As social needs continue to spike in light of shrinking government budgets, employment rolls, and social safety nets, social enterprise is emerging as a self-sustaining, market-based, business-like and highly effective method of meeting social needs.

 

Social Enterprise Leverage

 

Social enterprises produce higher social returns on investment than other models.

On one hand, they produce direct, measurable public benefits. A classic employment-focused social enterprise, for example, might serve at least four public aims:

  • Fiscal responsibility — It reduces the myriad costs of public supports for people facing barriers, by providing a pathway to economic self-sufficiency for those it employs.

  • Public safety — It makes the community in which it operates safer, by disrupting cycles of poverty, crime, incarceration, chemical dependency and homelessness.

  • Economic opportunity — It improves our pool of human capital and creates jobs in communities in need of economic renewal.

  • Social justice — It gives a chance to those most in need.

 

Yet, almost magically, social enterprises produce these benefits while reducing the draw on public and philanthropic funds. Their earned income streams supplant or replace grants and donations to produce a dramatically higher ROI. For example, a nonprofit that earns 50% of its budget through its social enterprise is effectively matching every dollar of “public income” with a dollar of “marketplace income”, doubling the social return on investment of those public dollars.

SEA's Role

 

Social Enterprise Alliance (SEA) is the champion for social enterprise in the United States. Our aim is for social enterprise to reach its full potential as a force for positive social change, in service to the common good. To achieve this purpose, we provide social enterprises with the tools and resources they need to succeed, and work on building an optimal environment in which they can thrive.

 

We carry out our work through four strategies:

  1. We spread knowledge + build capacity — We are the go to source for the intellectual capital that fuels social enterprise. Our content includes:  Our Mentorship Program, Webinars, Impact Labs, Working Groups, Knowledge Center, Jobs, Marketplace, Events, Discounts, News and Blog.

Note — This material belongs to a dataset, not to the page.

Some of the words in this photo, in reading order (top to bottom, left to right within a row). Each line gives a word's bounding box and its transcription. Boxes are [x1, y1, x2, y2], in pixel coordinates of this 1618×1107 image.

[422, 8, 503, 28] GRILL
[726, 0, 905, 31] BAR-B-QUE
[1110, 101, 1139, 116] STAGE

  2. We build social enterprise communities + networks — We have rapidly built out a network of local social enterprise communities with 17 SEA chapters, we are working in 42 states. Together with our national convening power, we help social enterprisers find, learn from and support each other.

  3. We tell the stories + aggregate the impact of social enterprise — We vigorously promote the amazing narratives of our members, accumulate the evidence of field impact, and are the voice of the sector in numerous collaborations and partnerships. 

  4. We advocate + promote supportive public policy — We seek to create a public environment in which social enterprise can maximize its leverage.  Our State and Local Policy Toolkit helps our chapters and local members build this ecosystem locally, while at a national level we work on issues including social innovation initiatives, social impact bonds, government procurement, SBA lending and technical support for social enterprise and federal workforce programs and policies.

 

Our signature event, the Social Enterprise Summit, is a key offering that cuts across all four strategy areas. For the last dozen years, this three-day national event has been the gathering of social enterprise, with a typical attendance of 500 to 700 participants and dozens of engaging, inspiring speakers. 

 

SEA brings several assets to bear in carrying out its work.  These include a 18-year history of field leadership, a national network of over 900 members, and a local footprint through our chapters. Among our members we count the top practitioners of social enterprise, the leading thinkers, investors, public policy leaders and a wide range of service providers.